Хэмиш с трудом поднялся, а Доди не двигалась; безразличная ко всему, она ощущала теплоту места, где только что лежал юноша, и теплый пот, который высыхал на прохладном воздухе, проникавшем сквозь ее свитер.
– Делай то, что я скажу, – предупредил Хэмиш. – А то мы никогда не выберемся.
Доди надела свои туфли с бантиками – они так нагрелись у камина, что обжигали подошвы.
– Хочешь снова перелезть через забор? Или перейдем по ручью?
– По ручью? – Доди подняла глаза на Хэмиша, который стоял над ней, сильный и теплый, как конь, жующий сено в конюшне. – А он глубокий? – С таким же успехом на его месте мог бы стоять Ларсон, или Освальд, или даже Атертон – каждый из них мог бы стоять здесь, с приятным теплом, общим для всех коней. Кони бессмертны, они сменяют один другого. В их вечности сомневаться не приходится.
– Глубокий? Да он замерз. В любом случае я первый попробую.
– Тогда по ручью.
Хэмиш поставил Доди у дверей. Сначала он открыл внутреннюю дверь, а потом, посмотрев в щелку, отворил и наружную.
– Жди здесь. – Хэмиш втиснул ее между дверями. – Когда дам знак, иди.
Ступени тихо заскрипели под его телом, а потом, через некоторое время, вспыхнула спичка, освещая путь и показывая фактуру дерева, истертого до атласной патины руками призраков. Доди стала спускаться. «Вот так мы идем вперед и возвращаемся, никогда не сливаясь ни с кем и никогда не оставаясь в идеальных вариантах наших снов». Доди шла на цыпочках, ее правая рука скользила по перилам, и она чувствовала, как полумесяц Куинз кренится, и выпрямляется, и снова кренится, как корабль, плывущий по бурному морю. Заноза вонзилась ей в указательный палец, но она не отпустила руку и продолжала держаться за перила, еще глубже всаживая занозу. Даже не поморщилась. Скорее вперед. Заноза отломилась, но оставшийся в пальце кончик продолжал ныть. Хэмиш поставил ее в темной нише холла как манекен.

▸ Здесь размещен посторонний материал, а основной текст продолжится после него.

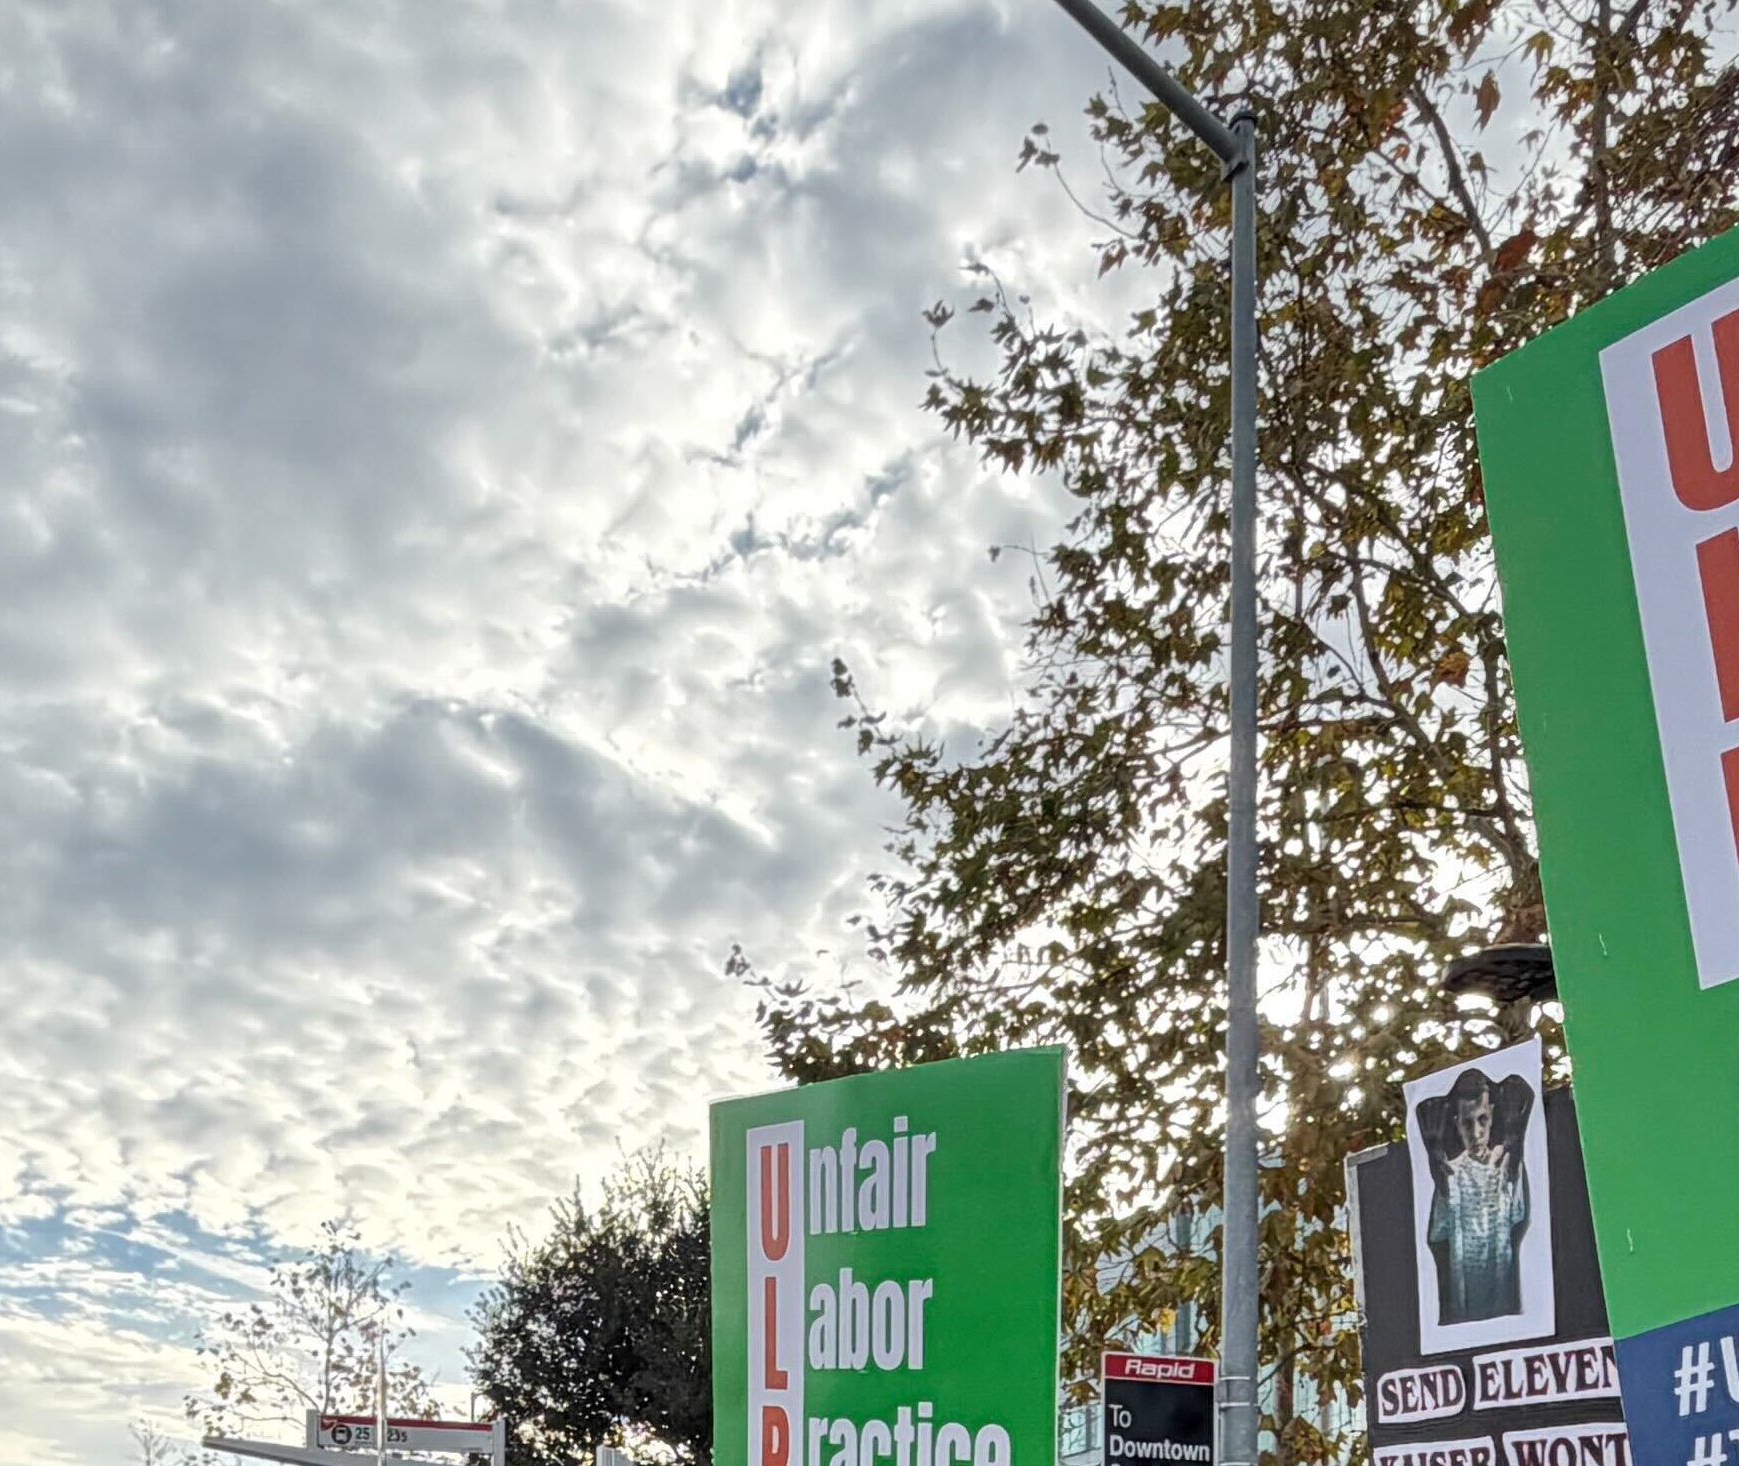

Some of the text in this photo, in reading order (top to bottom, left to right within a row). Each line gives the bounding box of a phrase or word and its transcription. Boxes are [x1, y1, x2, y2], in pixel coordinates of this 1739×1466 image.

[1125, 1359, 1195, 1379] Rapid
[1381, 1368, 1461, 1417] SEND
[1109, 1404, 1131, 1428] To
[1110, 1435, 1210, 1462] Downtown

– Подожди, – шепнул он, и этот шепот побежал по лестнице, обвиваясь вокруг перил, а ведь на площадке мог кто-то стоять, настороженно слушать, с фонариком и официальным бейджиком. – Если все спокойно, я дам знать, и тогда беги изо всех сил. Даже если кто припустится следом, все равно беги, и мы переберемся через ручей и дорогу прежде, чем нас догонят.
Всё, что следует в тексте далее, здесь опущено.